We all struggle with stress, especially with the ills we face in modern living. Many people deal with stress by exercising or other less beneficial methods while others try to ignore their feelings, allowing them to build up and affect their health.
Stress is a common result of being in an unfamiliar or unwelcoming situation. It causes one to feel unwell and makes insignificant problems seem larger than they are. For instance, some people stress about their financial situation, while others might stress about a rocky relationship with a friend or partner. We all have unique fears and anxieties and different ways of dealing with stressful situations and challenges.
Although we cannot permanently eradicate stress, the good news is that we can reduce its unpleasant side effects by exercising and practising yoga is one of the best methods. By learning how to relax your body and mind, breathing more effectively, and practicing a series of asanas, yoga will help reduce the symptoms of stress.
The practice of yoga will allow you to gently ease your mental and physical pace by focusing on mindful breathing, simple meditation, and physical postures. This will help to reduce stress, and at the same time, assist with lower blood pressure, increase lung capacity, improve your respiratory function, and heart rate.
What’s more, like most forms of exercise, yoga can boost your body’s production of hormones such as endorphins which are essential to cultivating happiness, health, and feelings of calmness. Endorphins, which are released when you do any form of exercise, play an important role in managing physical pain and negative emotions.
From beginner-friendly poses to the intricate eagle, not all yoga poses are equal. Each has its unique benefits from improving your posture to relieving headaches and insomnia, while also restoring your nervous and lymphatic system.
Below are nine asanas to help with stress relief.
A simple pose for both beginner and intermediate yogis—Easy Pose or Sukhasana is an uncomplicated therapeutic pose which calms the mind and reduces stress and anxiety.
Adding the forward bend helps increase the exhale, leading to the relaxation response.
Your lower body areas such as your knees, ankles, hips, groin, and outer thighs.
Easy Pose helps with the gradual strengthening of the back muscles and improves body posture.
Uttanasana has many benefits which include quieting a busy mind, promoting calmness, and balancing the nervous system. It’s also mostly used as a transition between poses.
Your hamstrings, calves, hips, and back.
Standing Forward Fold helps to reduce stress and fatigue, stimulates the liver and kidneys, and relieves headaches and insomnia.
Child’s pose or Balasana is perfect for quieting a busy mind and soothing the adrenals. When we stress excessively, we put pressure on our adrenal glands (located above the kidneys). This can lead to burnout.
This pose allows you to embrace your inner child, hence the name Child’s Pose.
Your back, hips, thighs, and ankles.
Child’s Pose can help to reduce stress and restore the nervous and lymphatic systems.
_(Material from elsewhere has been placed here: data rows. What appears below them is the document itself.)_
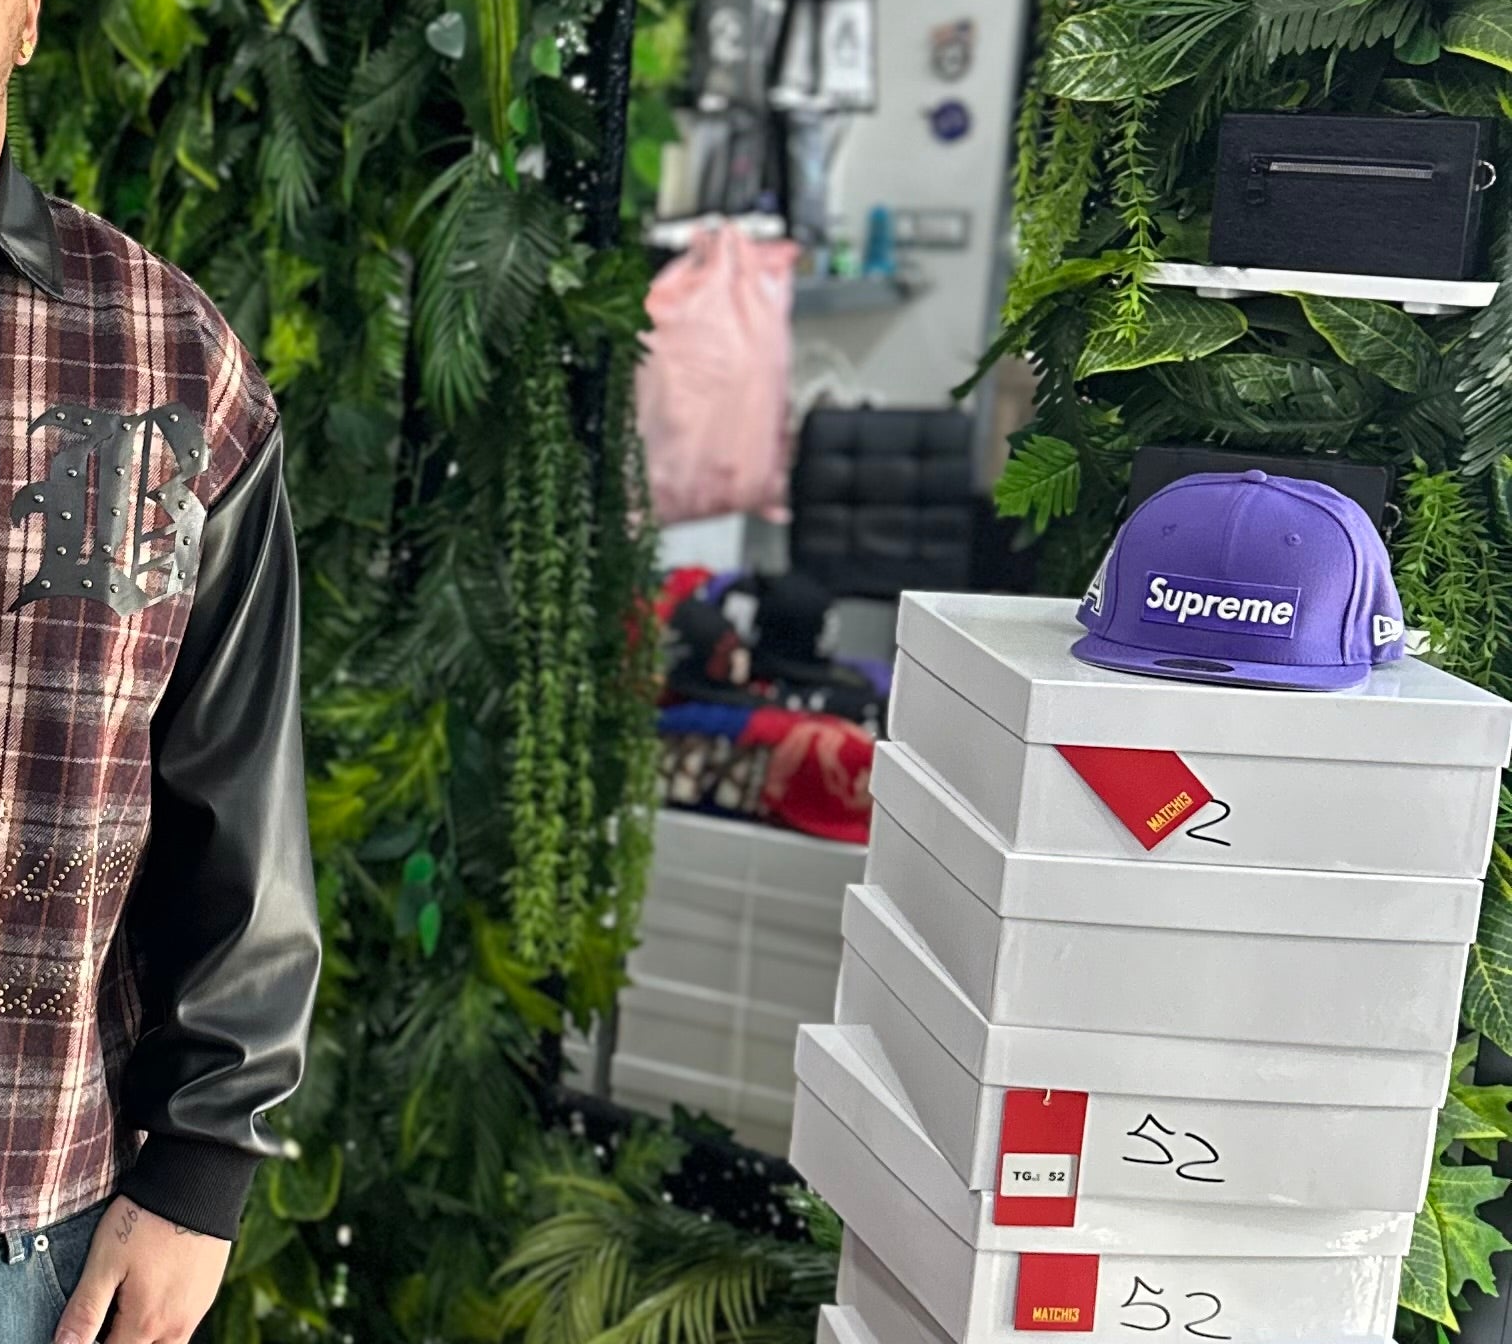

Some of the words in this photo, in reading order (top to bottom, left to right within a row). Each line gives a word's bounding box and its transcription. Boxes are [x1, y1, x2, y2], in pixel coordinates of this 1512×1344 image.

[1145, 576, 1294, 626] Supreme
[1146, 791, 1194, 833] MATCH13
[1122, 1113, 1225, 1183] 52
[1048, 1172, 1065, 1182] 52
[1032, 1306, 1080, 1323] MATCH13
[1121, 1276, 1232, 1340] 52
Eagle Pose or Garudasana is an intricate pose allowing you to “squeeze” out the tension in your body and focus on your balance, helping to alleviate stress and improve your concentration.
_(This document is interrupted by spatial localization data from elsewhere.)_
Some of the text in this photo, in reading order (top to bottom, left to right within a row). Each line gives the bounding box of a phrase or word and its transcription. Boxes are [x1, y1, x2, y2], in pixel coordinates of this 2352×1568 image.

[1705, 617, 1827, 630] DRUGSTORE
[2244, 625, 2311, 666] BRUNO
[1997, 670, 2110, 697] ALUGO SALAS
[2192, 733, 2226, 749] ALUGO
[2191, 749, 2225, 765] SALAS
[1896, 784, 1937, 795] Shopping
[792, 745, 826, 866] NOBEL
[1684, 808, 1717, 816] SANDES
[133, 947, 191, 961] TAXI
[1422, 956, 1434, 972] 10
Eagle Pose is perfect for stretching the whole body — your thighs, hips, calves, ankles, shoulders, and upper back.
Eagle Pose stimulates the immune system and improves balance.
At first, the pose might seem challenging, but continuous practice will soon allow you to master the Eagle Pose with less effort. Consistency is key! If balance is very difficult, touch one big toe to the floor.
Bridge Pose or Setu Bandha Sarvangasana acts as a mild inversion, with the heart higher than the head. It helps calm the brain and central nervous system, promote ease and relaxation, alleviate stress, anxiety, and mild depression.
Bridge Pose stretches your chest, neck, spine, hips, and back.
Bridge Pose strengthens the back, buttocks, and hamstrings, improves digestion and the circulation of blood. It helps lower high blood pressure and can help with backaches, fatigue, insomnia, and headaches. It also stimulates the lungs, thyroid, and abdominal organs.
For more support, add a yoga block underneath your sacrum.
The Extended Triangle Pose is the perfect full-body stretch to help relieve stress and reduce anxiety. The pose is a standing asana in modern-day yoga and includes variations such as Baddha Trikonasana and Parivrtta Trikonasana.
Extended Triangle Pose helps stretch your lower body areas such as the knees, thighs, and ankles.
Extended Triangle Pose helps with digestion, sciatica, and osteoporosis.
If you can’t reach the floor with your hand, place your hand on your leg either above or below your knee or on a yoga block.
Cat Pose or Marjaryasana is another asana which helps relieve stress, increase spinal flexibility and mobility and create emotional balance.
Cat Pose mostly focuses on stretching the lower back, but the movement also stretches the muscles of the hips, upper back, and lungs. Cat Stretch held at its peak, releases tension in the upper back and neck.
The asana flow (moving from one posture to another, seamlessly, using breath), helps relieve stress from menstrual cramps, lower back pain, and sciatica. It also massages and stimulates organs in the belly like the kidneys and adrenal glands.
Commonly using a wall, the Legs-up-the-wall Pose or Viparita Karani is a fully supported asana. Having your legs up against a wall helps reduce stress and is a great pose to do before bed-time as it calms your mind and heart.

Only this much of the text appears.